Materials provided Start Marker
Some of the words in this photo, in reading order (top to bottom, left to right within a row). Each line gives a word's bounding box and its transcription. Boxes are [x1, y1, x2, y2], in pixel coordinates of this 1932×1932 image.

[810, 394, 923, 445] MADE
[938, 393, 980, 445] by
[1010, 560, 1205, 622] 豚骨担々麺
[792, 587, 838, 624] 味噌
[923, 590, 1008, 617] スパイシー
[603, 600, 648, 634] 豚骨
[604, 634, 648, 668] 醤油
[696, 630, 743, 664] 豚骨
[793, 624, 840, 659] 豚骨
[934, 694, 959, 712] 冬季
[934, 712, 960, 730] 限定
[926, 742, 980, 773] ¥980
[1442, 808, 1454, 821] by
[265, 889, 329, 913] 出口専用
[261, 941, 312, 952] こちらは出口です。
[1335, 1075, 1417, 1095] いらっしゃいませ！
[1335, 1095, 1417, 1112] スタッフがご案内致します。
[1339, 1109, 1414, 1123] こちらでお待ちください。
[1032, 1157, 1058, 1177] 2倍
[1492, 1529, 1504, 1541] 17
Materials provided End Marker
◆ Instructions for the task: A complete, exact transcription of the data above is required.

◆ Answer for this exercise:
Some of the words in this photo, in reading order (top to bottom, left to right within a row). Each line gives a word's bounding box and its transcription. Boxes are [x1, y1, x2, y2], in pixel coordinates of this 1932×1932 image.

[810, 394, 923, 445] MADE
[938, 393, 980, 445] by
[1010, 560, 1205, 622] 豚骨担々麺
[792, 587, 838, 624] 味噌
[923, 590, 1008, 617] スパイシー
[603, 600, 648, 634] 豚骨
[604, 634, 648, 668] 醤油
[696, 630, 743, 664] 豚骨
[793, 624, 840, 659] 豚骨
[934, 694, 959, 712] 冬季
[934, 712, 960, 730] 限定
[926, 742, 980, 773] ¥980
[1442, 808, 1454, 821] by
[265, 889, 329, 913] 出口専用
[261, 941, 312, 952] こちらは出口です。
[1335, 1075, 1417, 1095] いらっしゃいませ！
[1335, 1095, 1417, 1112] スタッフがご案内致します。
[1339, 1109, 1414, 1123] こちらでお待ちください。
[1032, 1157, 1058, 1177] 2倍
[1492, 1529, 1504, 1541] 17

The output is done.